Photos: c/o – Kenn Santos / PIF Photography

Marvelous musical wonder(ettes)

The Marvelous Wonderettes (Anam Cara Productions)

Calamale Community College

April 16 – 17

When, in 1958, Springfield High School’s super Senior prom, is left without entertainment, four girl group The Marvelous Wonderettes’ step in to save the day. This is pretty much the extent of the story at the heart of “The Marvelous Wonderttes”, a jukebox musical comedy with book by Roger Bean, which uses pop songs from the 1950s and 1960s as a vehicle to tell its story. It is a simple concept, easily staged and featuring four characters: Betty-Jean (Tara Carmen), Suzy (Rebecca Kenny-Sumiga), Cindy-Lou (Aimee Monement) and Missy (Josephine Stockdale), which makes it easy for amateur theatre groups to effectively execute, which Anam Cara Productions certainly does in their feel-good and full-of-fun show.

Boy bands may be bad but girl groups have their own antics and in between their set’s numbers clueless Suzy, insecure Missy, and frenemies Cindy and Betty-Jean bring much humour through their attempted sabotages and competition to be teacher’s pet and pride. (Some audience members assume roles as members of the faculty including Mr Lee, to whom Missy’s declaration of infatuation is directed). There is also much froth and bubble (literally at times), colour and excitement as, after frantic simultaneous talent performances, the audience votes for the prom queen. The theme of love reigns supreme though the songbook standards of the era that represent that group’s set-lis, with classic hits like ‘Mr Sandman’ and ‘Lollipop’ allowing opportunities for showcase of some lovely group harmonies. These are complemented by Lyunette Wockner’s cute of-the-time choreography that switches era evocation in line with a post-interval passage of time to the group getting back together at their ten-year reunion, complete with some still obvious tensions to their dynamics.
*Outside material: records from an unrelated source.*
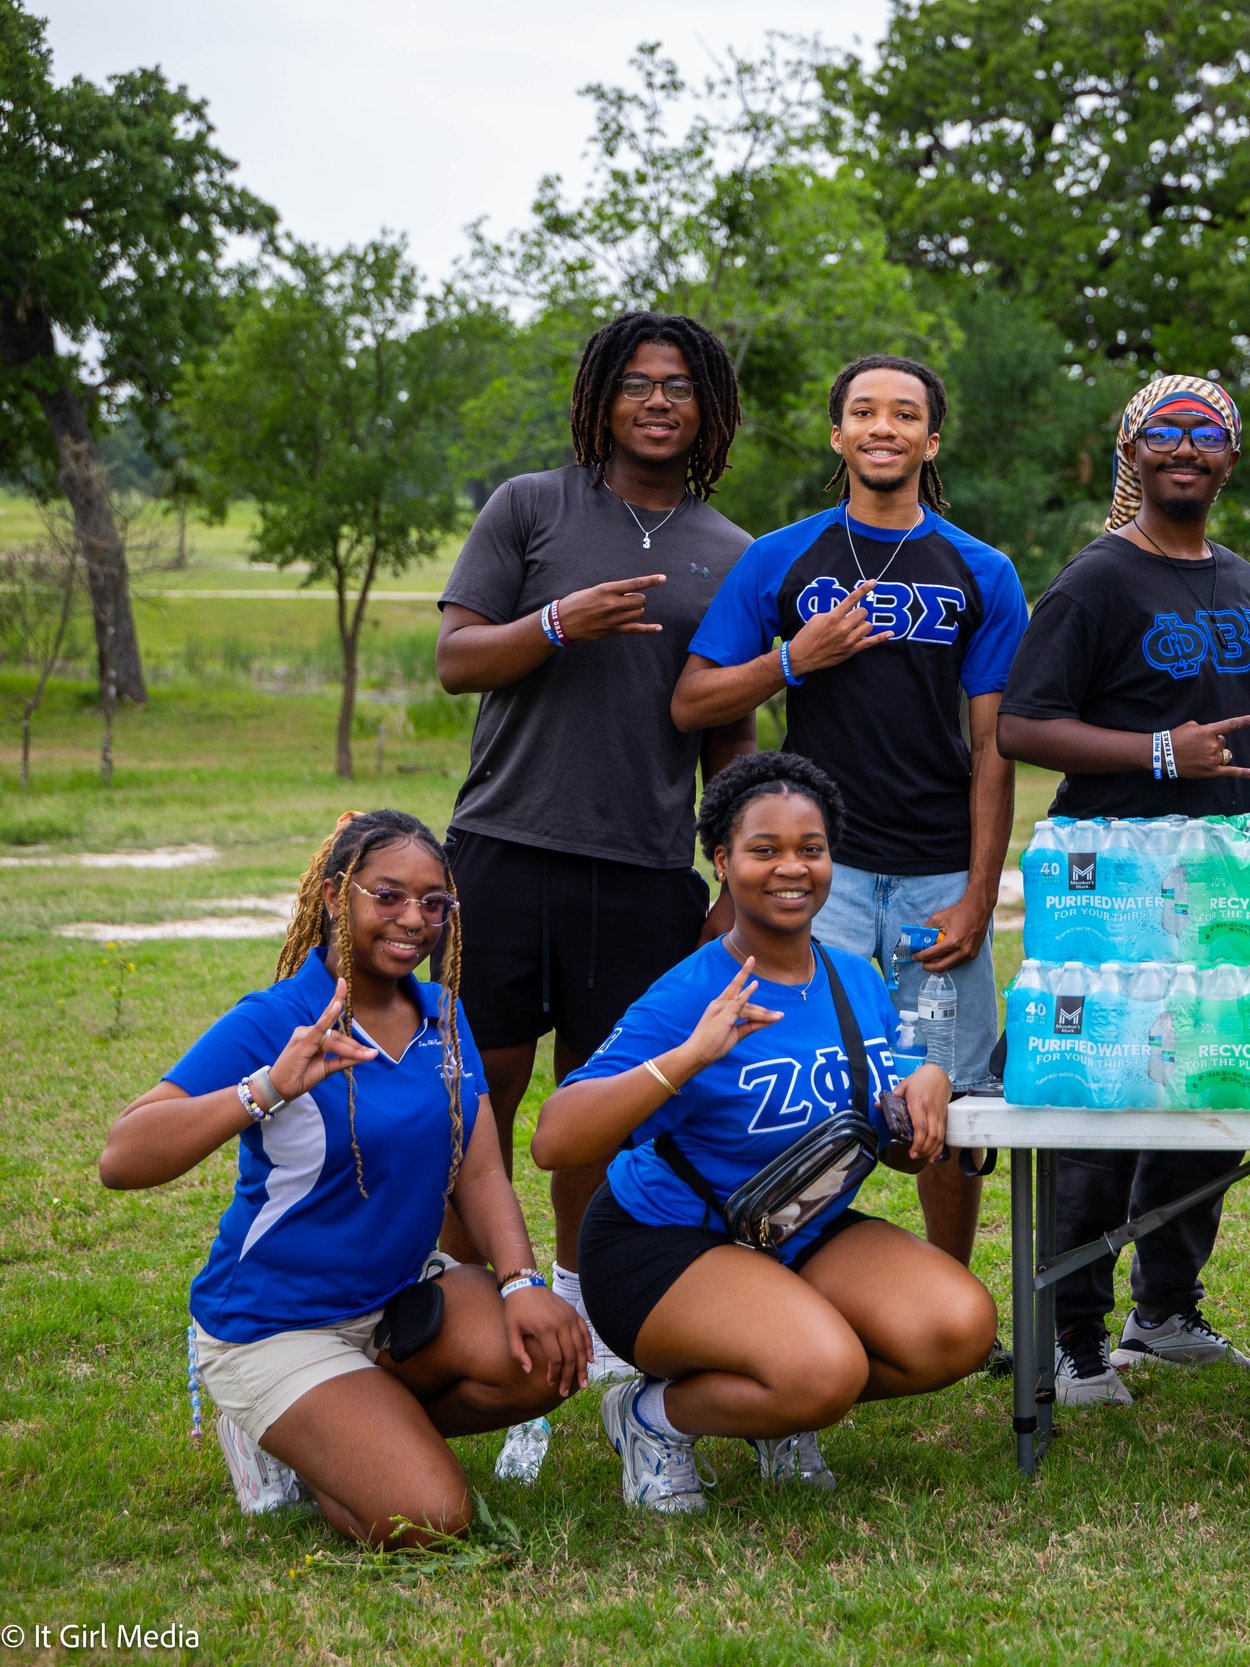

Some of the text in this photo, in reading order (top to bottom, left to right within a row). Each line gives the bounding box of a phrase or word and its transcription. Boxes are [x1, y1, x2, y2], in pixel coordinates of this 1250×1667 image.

[1162, 732, 1172, 757] TEXAS
[1040, 862, 1060, 876] 40
[1054, 908, 1154, 922] FOR YOUR THIRST
[1198, 911, 1216, 923] FOR
[1219, 910, 1243, 918] THE
[1025, 1002, 1046, 1016] 40
[1036, 1052, 1139, 1069] FOR YOUR THIRST
[1185, 1060, 1207, 1070] FOR
[1211, 1058, 1236, 1066] THE
Act Two is a real delight as it outlines through its music how much the ladies’ lives have changed. And Carmen powering through many ‘60s staples is one of the show’s highlights, along with realisation of the earlier minor details that are cleverly crafted to grow into the narrative and song selection of its later sections. From an upbeat ‘It’s In His Kiss (The Shoop Shoop Song)’ and rousing ‘Son of a Preacher Man’, some clear themes of female empowerment and emancipation emerge through numbers like Lesley Gore’s ‘You Don’t Own Me’, as we learn about the highs and lows the four women have experienced as they determine to conquer whatever life throws their way, together.
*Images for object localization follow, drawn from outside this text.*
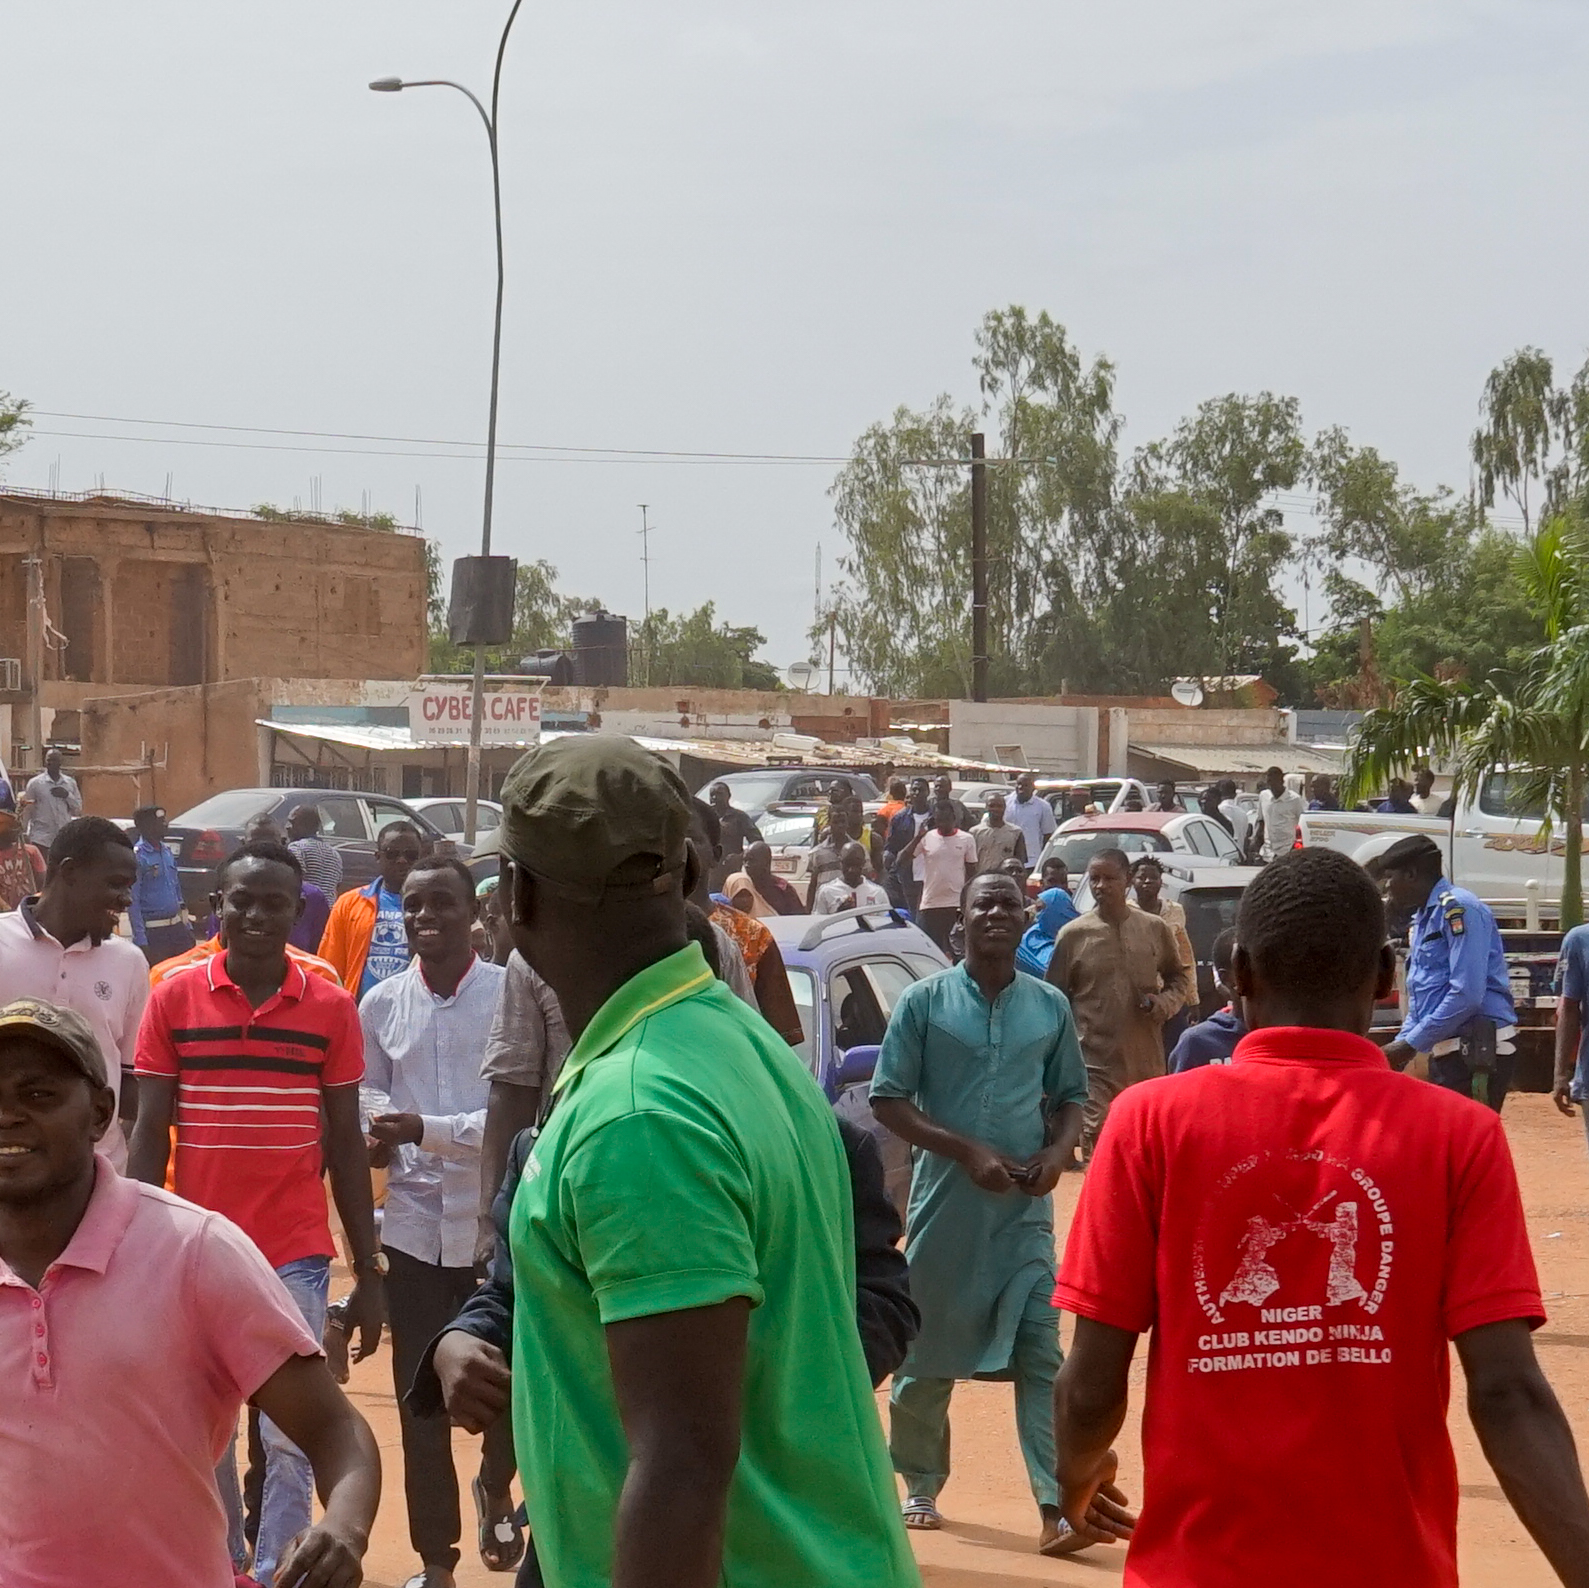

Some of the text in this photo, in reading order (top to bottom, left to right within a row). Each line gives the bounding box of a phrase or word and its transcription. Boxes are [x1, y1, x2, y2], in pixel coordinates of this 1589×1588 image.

[490, 697, 540, 721] CAFE
[1351, 1168, 1393, 1236] GROUPE
[1363, 1240, 1394, 1315] DANGER
[1261, 1305, 1323, 1323] NIGER
[1198, 1324, 1384, 1350] CLUB KENDO NINJA
[1187, 1347, 1392, 1373] FORMATION DE BELLO
With characters who remain on stage through most, if not all of the show, the Marvelous Wonderettes performers do well to bring their distinct characters to unique life. And this is certainly a group of diverse personalities. While, as is often the case in amateur productions, there are differences in vocal projection and presence, all do well, especially in ensemble numbers like the doo-wop ‘Goodnight Sweetheart’ late in Act One. Other highlights include Stockdale’s almost-operatic vocal sounds, especially in an enchanting rendition of Doris Day’s soaring ‘Secret Love’ and Carmen’s playful comic presence (including occasional ad libs as part of audience involvement) as the mischievous Billy-Jean.

With promise of feature of over 30 classic ‘50s and ‘60s hits, “The Marvelous Wonderettes” certainly delivers with its eclectic mix of standards along with a handful of less familiar tunes, enthusiastically brought to entertaining life by the live band of Sean Fagan (Producer/Musical Director and keyboards), Fabian (guitar), Jerome Fitzgerald (drums) and Thomas Melton (reeds). And it is appropriate that they are showcased throughout, especially in Kenny-Sumiga’s ‘Respect’ and ‘Rescue Me’ mix before we are farewelled in what represents a wonderful conclusion to what can only be described as a charming gem of a show.